По скрипучей неладной лесенке на стену поднялся Варяжко. За эти немногие недели, как князь в полюдье ушёл, молодой дружинник исхудал и под недавно ещё ясными глазами его залегли синие тени. Он не ел, не спал и места себе нигде не находил, и ни в чём душа его не видела себе радости: ни в поездьстве, играх ратных, которыми тешили себя оставшиеся дружинники, ни в турьем роге или чаше вина или меду хмельного, стоялого, ни в песнях буйных шумно разгулявшейся гридницы. Всё его сердце, вся его думка была в княжом тереме, у ног молодой княгини Оленушки…
Давно она поранила душу его, чуть не с первого дня появления своего в земле Полянской, но только теперь искра та тайная разгорелась вдруг ярым, неуёмным пожаром. Видел её теперь Варяжко очень редко: тосковала княгинюшка о своём князе день и ночь и никуда не показывала, лебёдушка, личико своё тихое, умильное, ласковое, точно звезда небесная. Часто судьба, чтобы облегчить страду любовную, делает так, что наделяет соперника, ворога лихого, злыми качествами, которые делают нелюбье с ним делом лёгким и понятным.
Но тут, как на грех, и этого утешения не было: полюбив Оленушку, Варяжко не разлюбил князя. И вот жизнь поставила перед молодым сердцем тяжёлую задачу: любимый им князь, которому он клялся в верности на мече своём перед лицом Перуна, оставил на его руках любимую жену, которая тоже всем сердцем любила мужа, но которую любит он, Варяжко. Каждый час может он её умчать, так что и следов их никто никогда не найдёт, но и в её сердце, и в своём собственном лежат к тому споны неодолимые. А без неё жизнь не в жизнь и тоска неизбывная, чёрная сосёт сердце ретивое и день и ночь… И Варяжко, облокотившись на запушенный искристым снегом окрай стены, потемневшими глазами смотрел в белые дали всегда жуткого Поля…
Оторвавшись наконец с усилием от тяжких дум своих и вздохнув, пошёл он по стене дозором дальше и вдруг, завернув за угол, остановился: облокотившись на стену, в нарядной шубейке, опушённой седым бобром рязанским по вороту, по рукавам длинным и по подолу, забыв все на свете, неподвижно стояла спиной к нему Оленушка и смотрела на дорогу в леса тёмные, по которой её Ярополк уехал от неё и по которой должен был вернуться – не скоро, не скоро: до весны было так ещё далеко!..

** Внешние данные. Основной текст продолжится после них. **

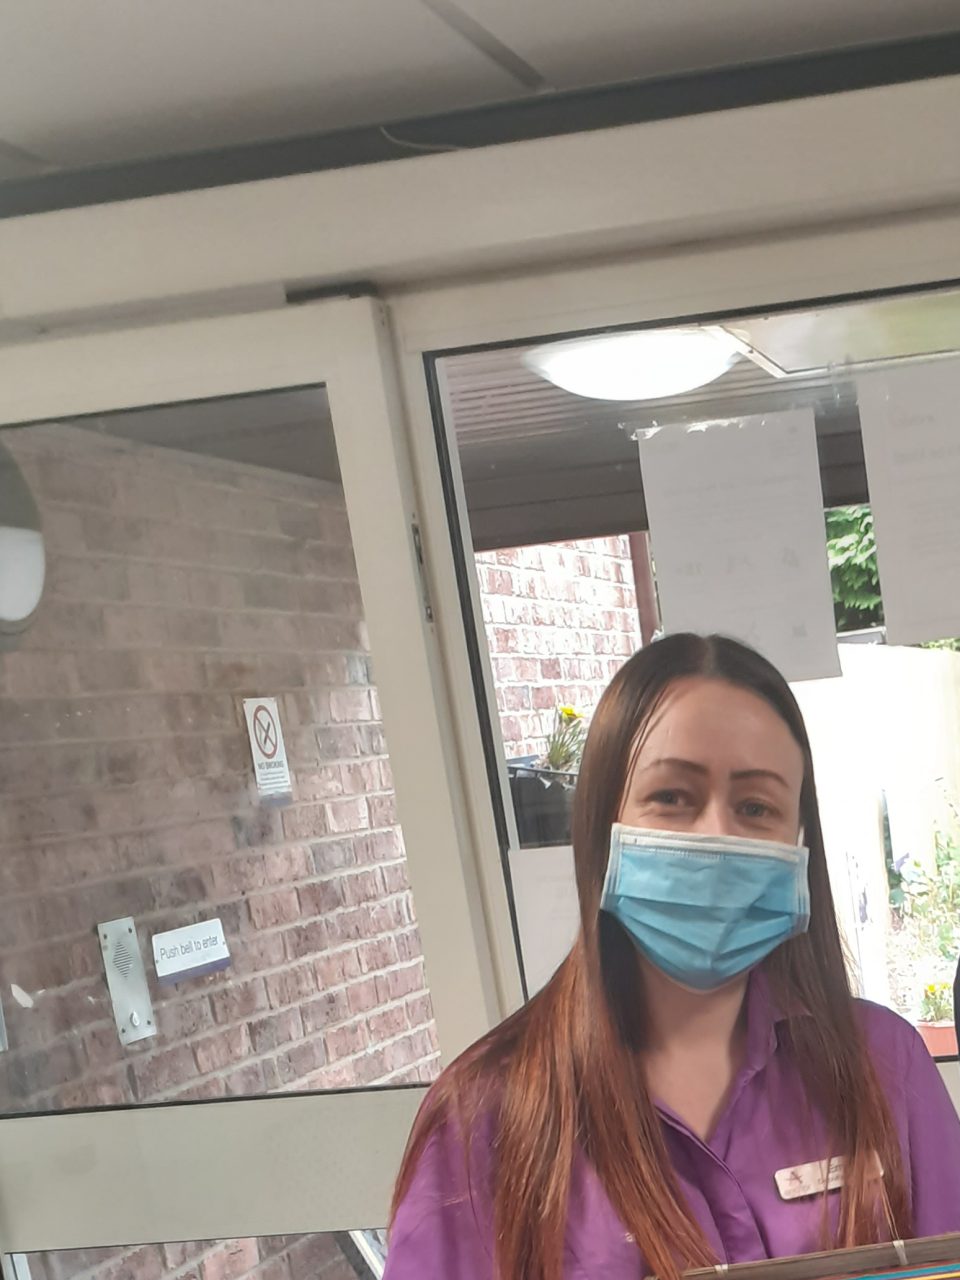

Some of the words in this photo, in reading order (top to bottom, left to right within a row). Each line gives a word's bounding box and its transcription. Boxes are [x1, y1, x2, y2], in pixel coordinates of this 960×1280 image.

[160, 945, 180, 960] Push
[180, 940, 193, 955] bell
[194, 940, 202, 951] to
[202, 936, 218, 949] enter

Она почувствовала, что сзади на неё смотрит кто-то, и обернулась. И на белом лице её с глазами лани засветилась зорькой улыбка.
– А, Варяжко… – проговорила она этим своим иноземным говорком, который ещё более увеличивал прелесть её. – За Полем смотришь?
– Зимой Поле не страшно, княгинюшка… – отвечал гридень. – Больше для порядка поглядываем, чтобы вои не спали…
Сзади них раздался лёгкий, точно пушистый, шум: солнце пригрело Перуна, белая пелена, в которую закутала бога разыгравшаяся вьюга, разом осыпалась в дымившийся у ног его неугасимый огонь из плах дубовых, и Перун с палицей в руке встал в блеске солнца над всей землёй Полянской во всём своём немом величии и тайне. Оленушка нахмурилась и досадливо отвернулась. Варяжко заметил её движение.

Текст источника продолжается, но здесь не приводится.